I am having an issue that appears to be a memory problem, but based on my reading of other issues and the documentation, other folks have not had such a problem. This is on one ~1.5 Gb genome with ~1100 scaffolds and an estimated 35% repeats (using GenomeScope). Any suggestions?
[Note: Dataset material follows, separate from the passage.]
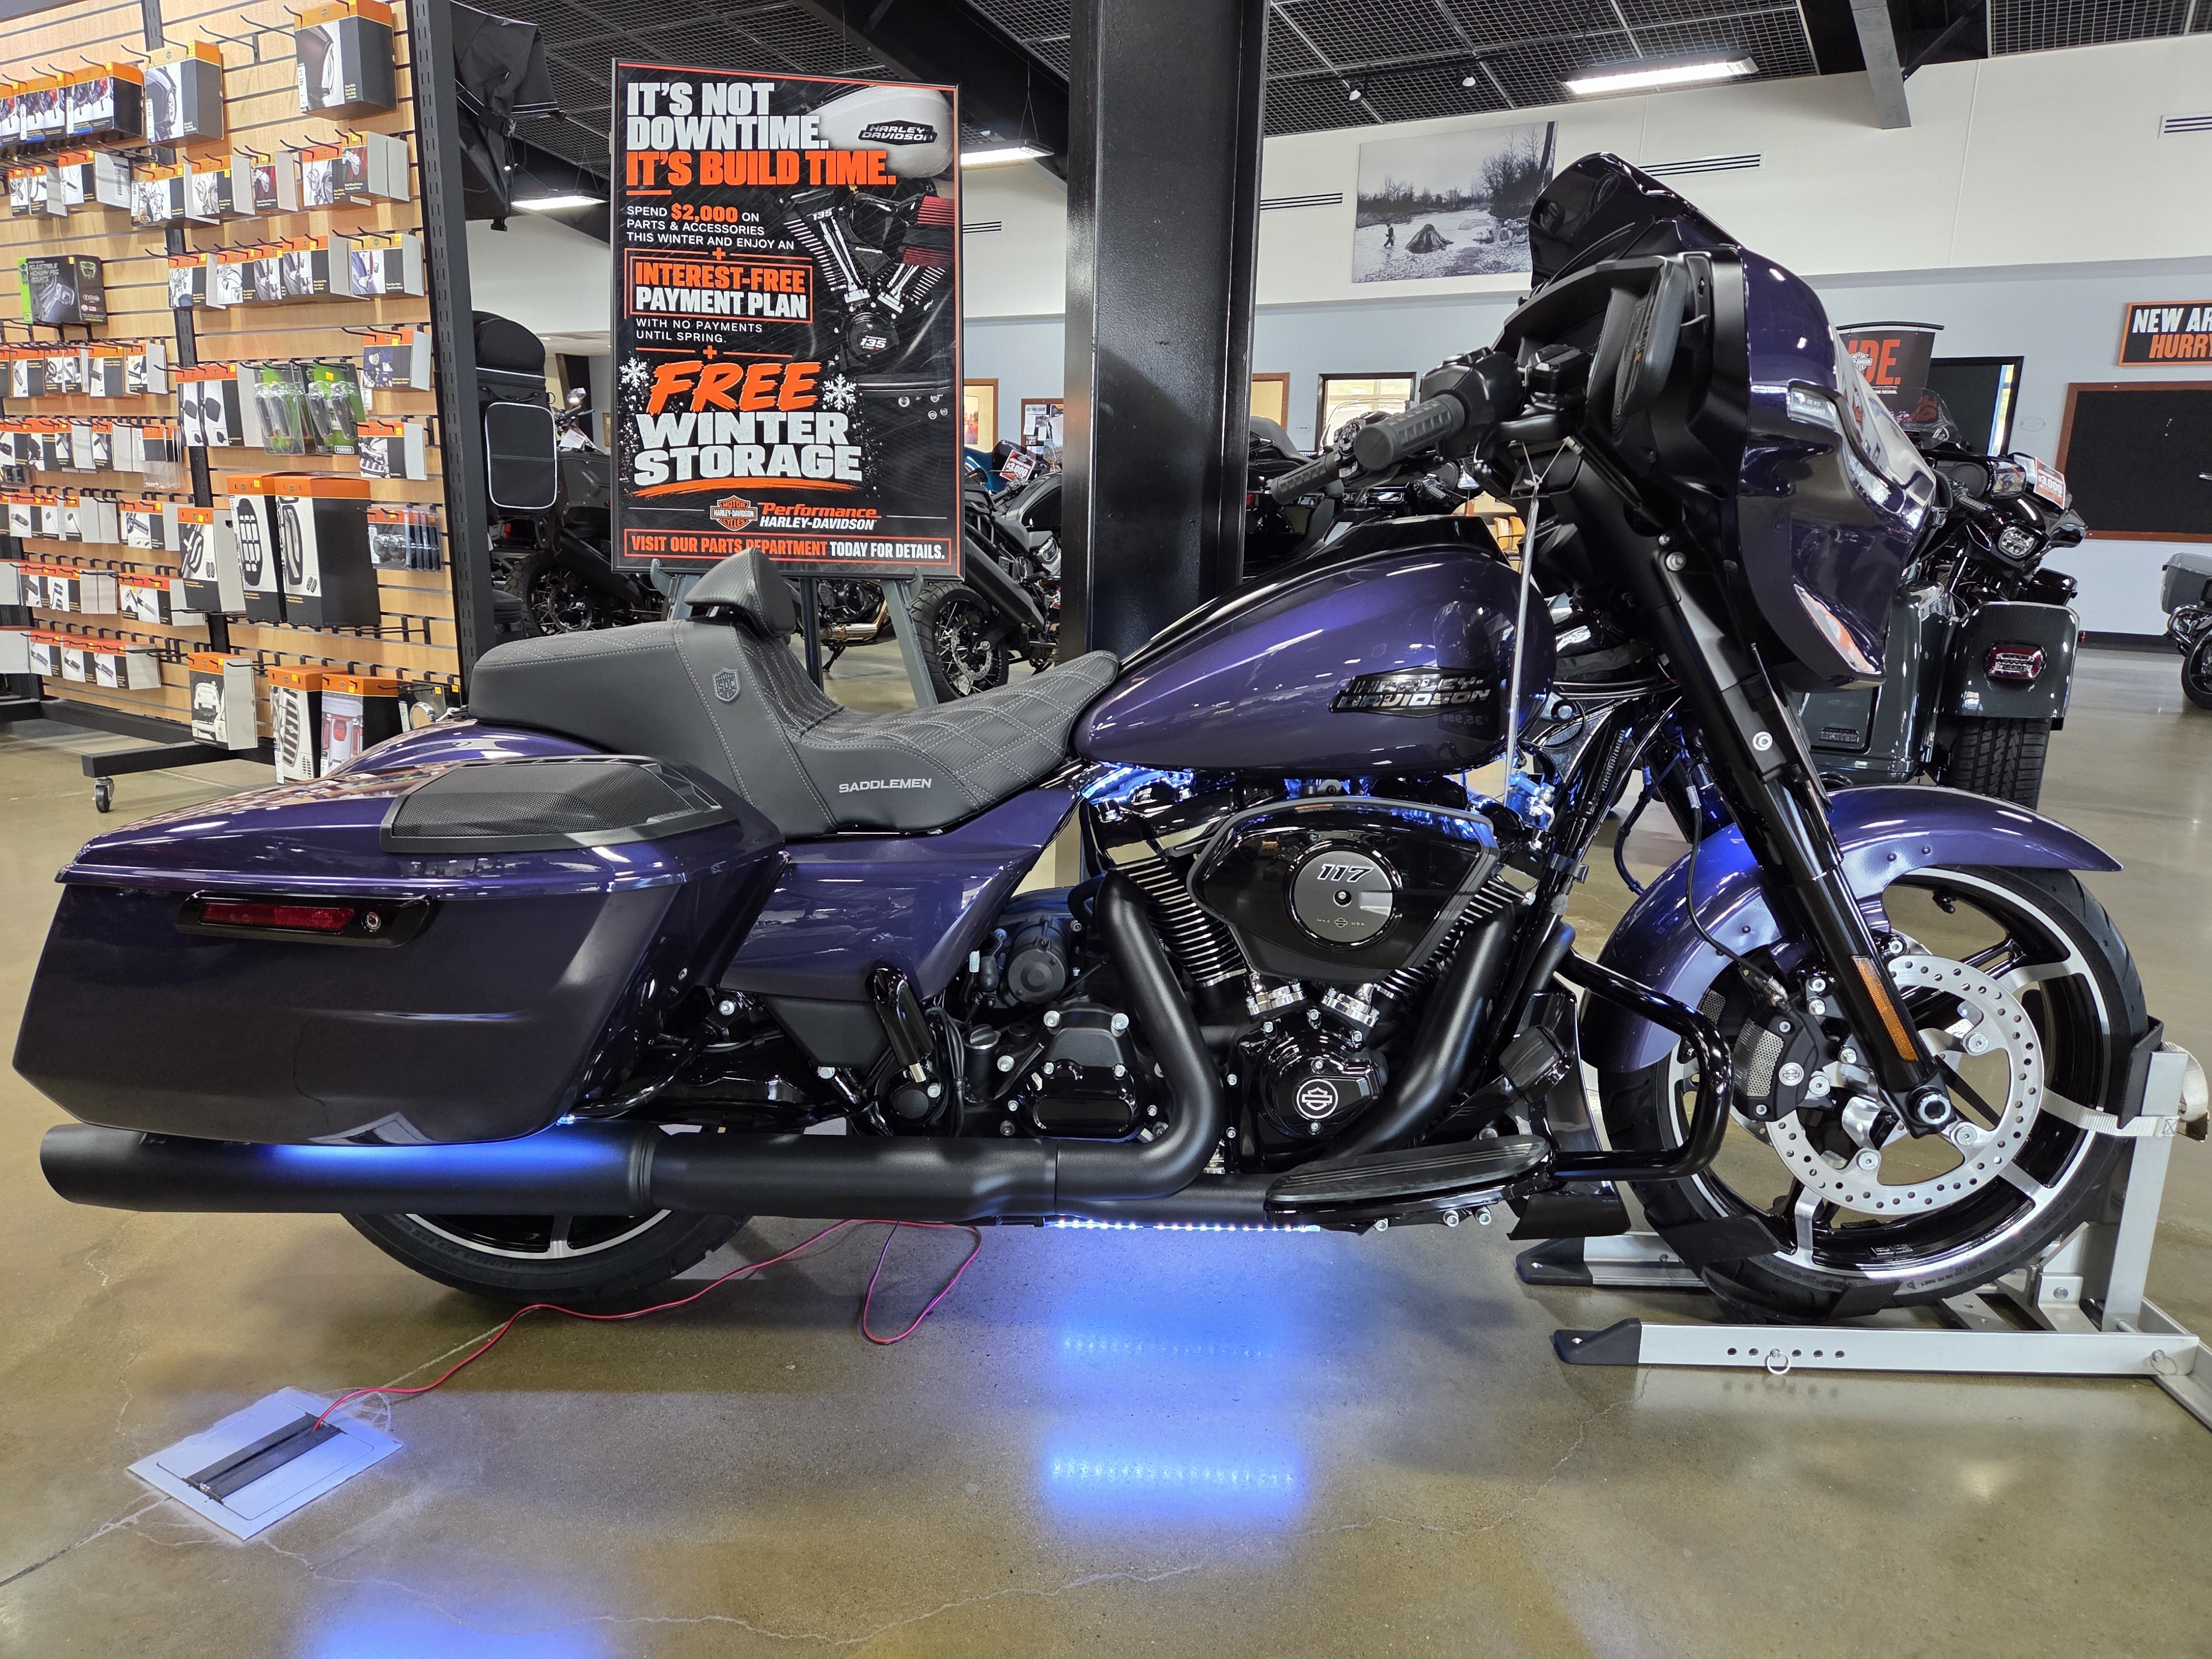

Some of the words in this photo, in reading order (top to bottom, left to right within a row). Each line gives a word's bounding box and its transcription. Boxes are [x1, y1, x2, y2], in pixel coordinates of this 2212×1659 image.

>     -- Input Database Coverage: 3020628 bp out of 1515217215 bp ( 0.20 % )
>     Sampling Time: 00:02:17 (hh:mm:ss) Elapsed Time
>     Running all-by-other comparisons...
>     2% completed, 00:19:59 (hh:mm:ss) est. time remaining.
>     4% completed, 00:10:08 (hh:mm:ss) est. time remaining.
>     7% completed, 00:7:17 (hh:mm:ss) est. time remaining.
>     sh: /bin/cat: Argument list too long
>     8% completed, 00:6:00 (hh:mm:ss) est. time remaining.
>     10% completed, 00:5:14 (hh:mm:ss) est. time remaining.
>     WARNING: Retrying batch ( 24 ) [ 0 ]...
>     WARNING: Retrying batch ( 25 ) [ 0 ]...
>     12% completed, 00:4:42 (hh:mm:ss) est. time remaining.
>     WARNING: Retrying batch ( 26 ) [ 0 ]...
>     14% completed, 00:4:29 (hh:mm:ss) est. time remaining.
>     WARNING: Retrying batch ( 27 ) [ 0 ]...
>     WARNING: Retrying batch ( 28 ) [ 0 ]...
>     WARNING: Retrying batch ( 24 ) [ 0 ]...
>     sh: line 1: 129357 Segmentation fault /home/sluglife/programs/rmblast-2.10.0/bin/blastdbcmd -db /oasis/projects/nsf/ddp370/sluglife/berghia_genome/dovetail_hic_Aug2020/Berghia_Aug2020_purgedups/repeatmodeler/RM_40182.MonJan251233542021/round-2/sampleDB-2.fa.masked -entry "gi|31" >> /oasis/projects/nsf/ddp370/sluglife/berghia_genome/dovetail_hic_Aug2020/Berghia_Aug2020_purgedups/repeatmodeler/RM_40182.MonJan251233542021/round-2/batch-30.fa 2>> /oasis/projects/nsf/ddp370/sluglife/berghia_genome/dovetail_hic_Aug2020/Berghia_Aug2020_purgedups/repeatmodeler/RM_40182.MonJan251233542021/round-2/blastdbcmd.log
>     WARNING: Retrying batch ( 25 ) [ 0 ]...
>     WARNING: Retrying batch ( 29 ) [ 0 ]...
>     17% completed, 00:4:32 (hh:mm:ss) est. time remaining.
>     WARNING: Retrying batch ( 26 ) [ 0 ]...
>     WARNING: Retrying batch ( 30 ) [ 0 ]...
>     18% completed, 00:4:17 (hh:mm:ss) est. time remaining.
>     WARNING: Retrying batch ( 27 ) [ 0 ]...
>     21% completed, 00:4:00 (hh:mm:ss) est. time remaining.
>     WARNING: Retrying batch ( 28 ) [ 0 ]...
>     23% completed, 00:3:47 (hh:mm:ss) est. time remaining.
> 
>     FATAL ERROR: RepeatModeler giving up. One or more
>     batches failed! Unfortunately this type of error
>     cannot be recovered from. Please submit the following
>     details to the feedback page at the repeatmasker
> 
>     RepeatModeler Version: 2.0.1
>     Search Engine: rmblast [ 2.10.0+ ]
>     Command Line: /home/sluglife/programs/RepeatModeler/RepeatModeler-database Berghia_Aug2020_purged -pa 24 -LTRStruct
>     Batch Number: 24
>     Disk Space:
> 
>     System Memory:
>     MemTotal: 1585293480 kB
>     MemFree: 1294664108 kB
>     MemAvailable: 1298156236 kB
>     Cached: 5941428 kB
>     SwapCached: 0 kB
>     SwapTotal: 0 kB
>     SwapFree: 0 kB
>     Further details about this problem may be found in
>     the directory: /oasis/projects/nsf/ddp370/sluglife/berghia_genome/dovetail_hic_Aug2020/Berghia_Aug2020_purgedups/repeatmodeler/RM_40182.MonJan251233542021
> 
>     slurmstepd: Exceeded step memory limit at some point.
>     slurmstepd: Exceeded job memory limit at some point
jebrosen commented 3 years ago
slurmstepd: Exceeded step memory limit at some point.
slurmstepd: Exceeded job memory limit at some point

What are the memory limits you have on this cluster? It may simply be too low a limit to run RepeatModeler (although the actual machine seems to have plenty of memory), or you may need to use a lower -pa value. For the RMBlast search engine RepeatModeler uses 4 cores per batch, so you would have 96 simultaneous RMBlast threads given that command.

goodgodric28 commented 3 years ago

I modified -pa and the resources I was requesting and it fixed the problem. Thank you!